• _Problem description_
Return all of the data exactly, with nothing left out but the pictures.

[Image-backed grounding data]

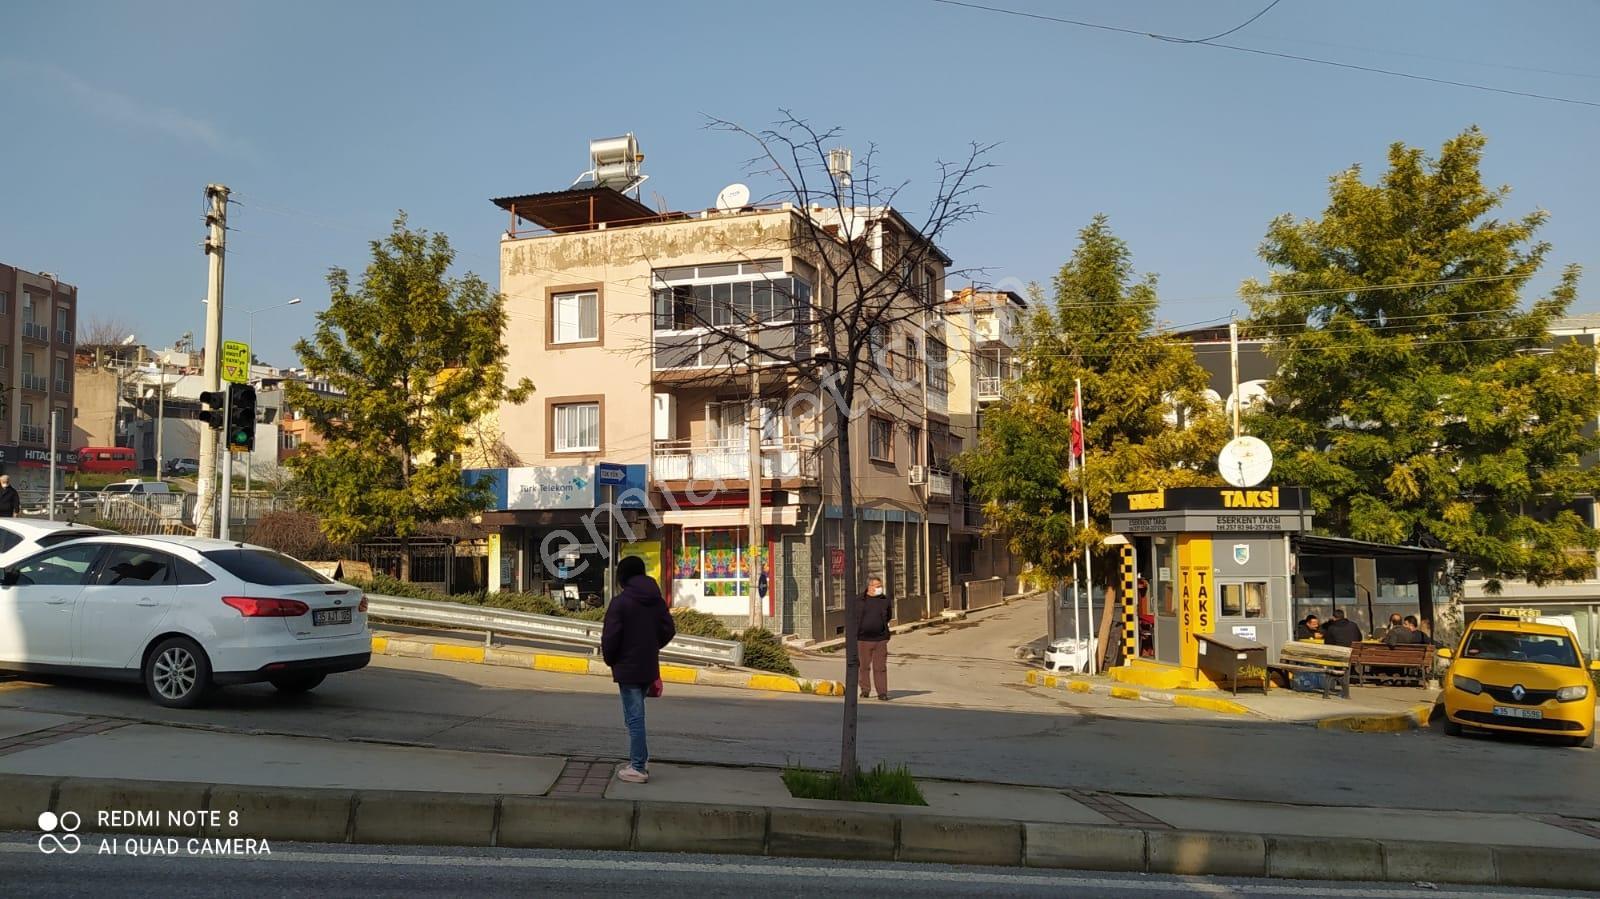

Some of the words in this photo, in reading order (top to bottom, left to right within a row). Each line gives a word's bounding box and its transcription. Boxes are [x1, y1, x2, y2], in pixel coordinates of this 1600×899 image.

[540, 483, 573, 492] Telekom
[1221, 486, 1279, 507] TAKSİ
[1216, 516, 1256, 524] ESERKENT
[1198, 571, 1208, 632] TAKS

• _Expected answer_
Some of the words in this photo, in reading order (top to bottom, left to right within a row). Each line gives a word's bounding box and its transcription. Boxes are [x1, y1, x2, y2], in pixel coordinates of this 1600×899 image.

[540, 483, 573, 492] Telekom
[1221, 486, 1279, 507] TAKSİ
[1216, 516, 1256, 524] ESERKENT
[1198, 571, 1208, 632] TAKS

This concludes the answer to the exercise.